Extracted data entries

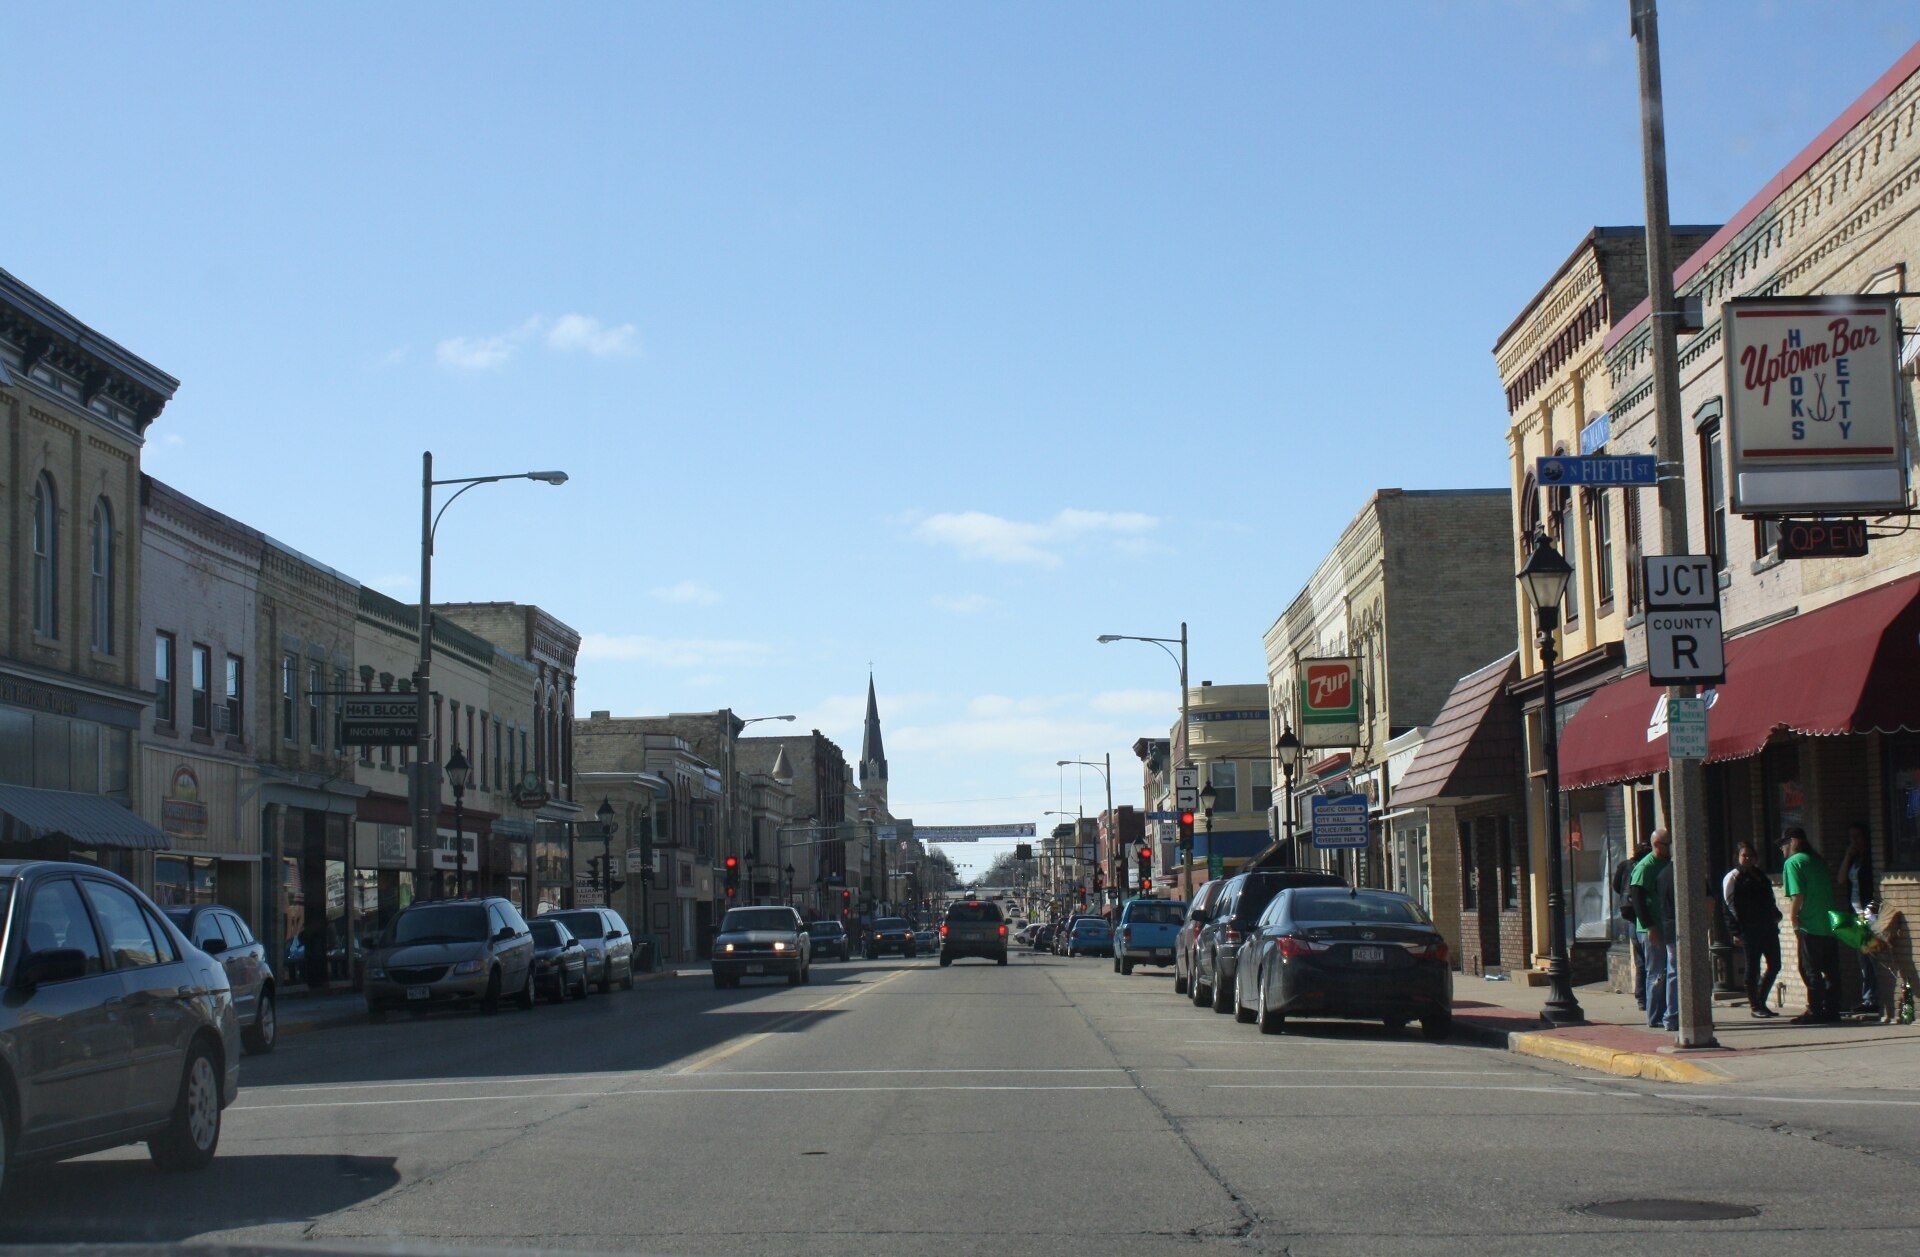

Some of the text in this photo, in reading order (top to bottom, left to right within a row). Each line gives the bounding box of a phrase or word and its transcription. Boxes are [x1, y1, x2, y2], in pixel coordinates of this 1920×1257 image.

[1740, 318, 1881, 406] Uptown Bar
[1569, 460, 1650, 481] N FIFTH ST
[1791, 524, 1865, 550] OPEN
[1654, 564, 1708, 596] JCT
[1653, 618, 1713, 630] COUNTY
[1672, 635, 1699, 670] R
[346, 704, 416, 716] H&R BLOCK
[1670, 703, 1679, 718] 2
[350, 727, 413, 737] INCOME TAX
[1183, 776, 1190, 785] R
[1316, 826, 1352, 834] POLICE/FIRE

▶ **Description of the task**
Please print every record exactly as written, without the pictures.

▶ **Task output**
Some of the text in this photo, in reading order (top to bottom, left to right within a row). Each line gives the bounding box of a phrase or word and its transcription. Boxes are [x1, y1, x2, y2], in pixel coordinates of this 1920×1257 image.

[1740, 318, 1881, 406] Uptown Bar
[1569, 460, 1650, 481] N FIFTH ST
[1791, 524, 1865, 550] OPEN
[1654, 564, 1708, 596] JCT
[1653, 618, 1713, 630] COUNTY
[1672, 635, 1699, 670] R
[346, 704, 416, 716] H&R BLOCK
[1670, 703, 1679, 718] 2
[350, 727, 413, 737] INCOME TAX
[1183, 776, 1190, 785] R
[1316, 826, 1352, 834] POLICE/FIRE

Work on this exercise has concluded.